Annotated photo localization data:
************
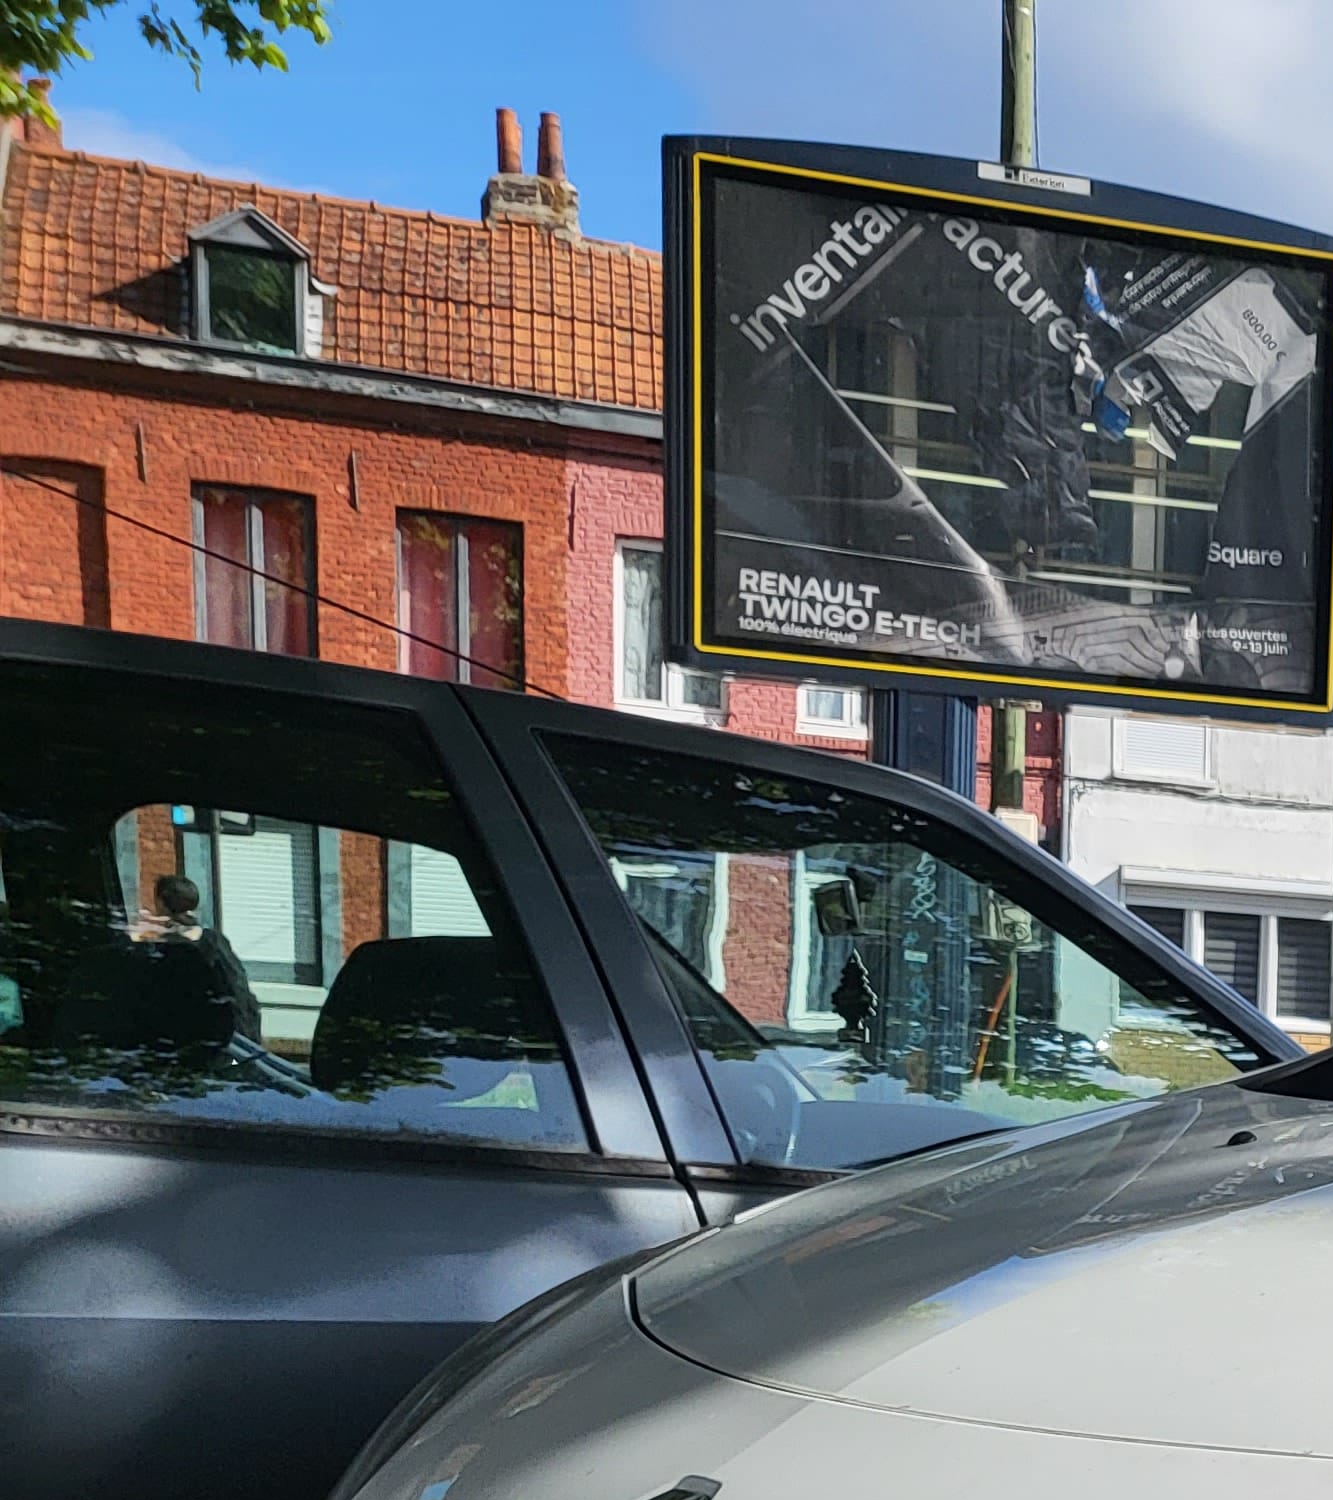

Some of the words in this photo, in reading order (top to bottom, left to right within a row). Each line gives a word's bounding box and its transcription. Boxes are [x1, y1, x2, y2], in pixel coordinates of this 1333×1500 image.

[729, 203, 908, 352] inventai
[1207, 541, 1283, 568] Square
[739, 568, 881, 609] RENAULT
[738, 616, 780, 634] 100%
[739, 592, 870, 631] TWINGO
[875, 611, 982, 646] E-TECH
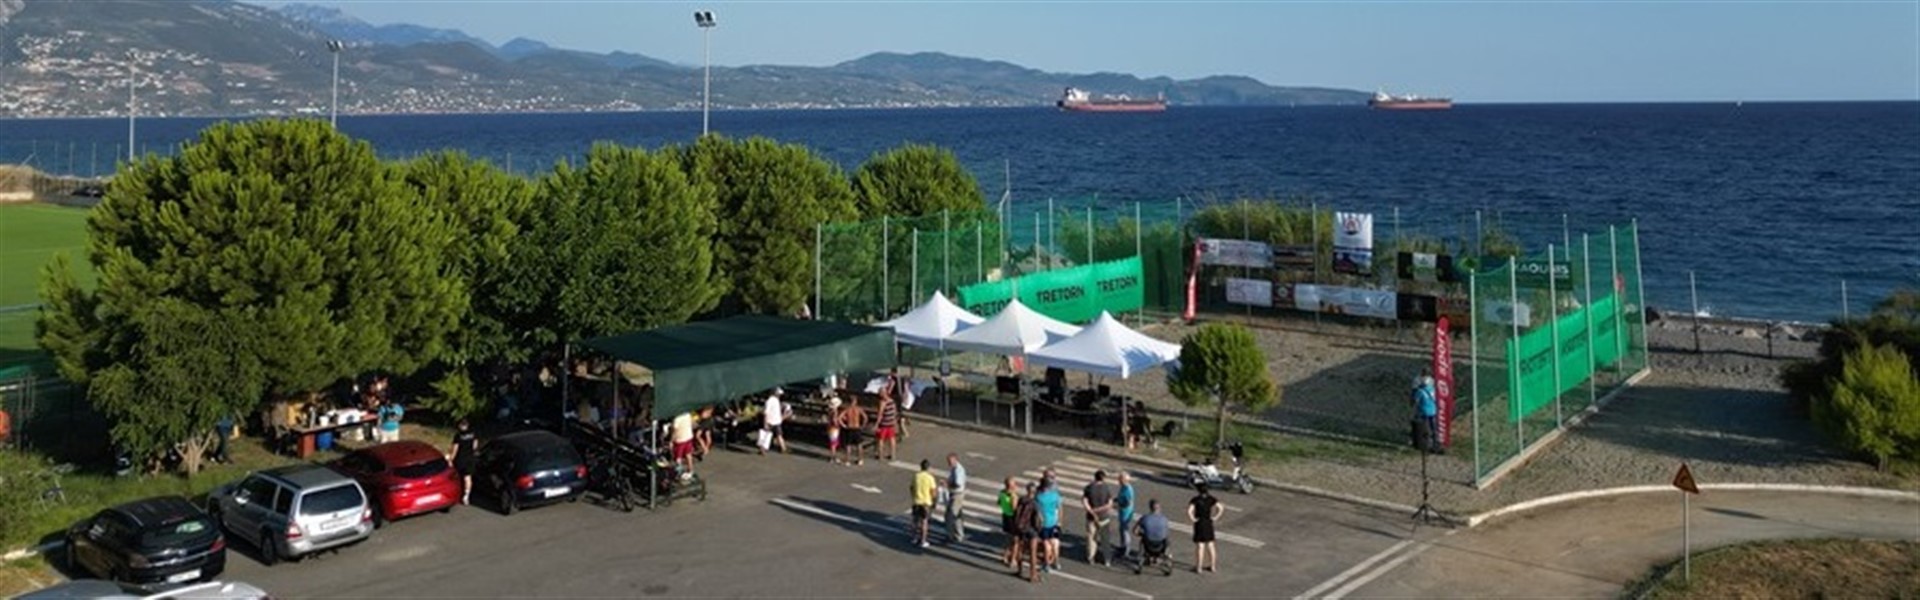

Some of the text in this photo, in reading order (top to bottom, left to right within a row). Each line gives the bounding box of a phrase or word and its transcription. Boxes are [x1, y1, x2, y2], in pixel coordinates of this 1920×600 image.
************
Work required: Nothing but an exact repeat of the records, pictures excluded, belongs in the answer.

Solution to the problem:
Some of the words in this photo, in reading order (top to bottom, left to right within a row). Each line gives a word's bounding box and its transcription. Boxes are [x1, y1, x2, y2], in pixel coordinates of this 1333×1500 image.

[729, 203, 908, 352] inventai
[1207, 541, 1283, 568] Square
[739, 568, 881, 609] RENAULT
[738, 616, 780, 634] 100%
[739, 592, 870, 631] TWINGO
[875, 611, 982, 646] E-TECH

Some of the text in this photo, in reading order (top to bottom, left to right within a row). Each line gives the bounding box of a phrase or word and its transcription. Boxes are [x1, y1, x2, y2], in pixel coordinates of this 1920×600 image.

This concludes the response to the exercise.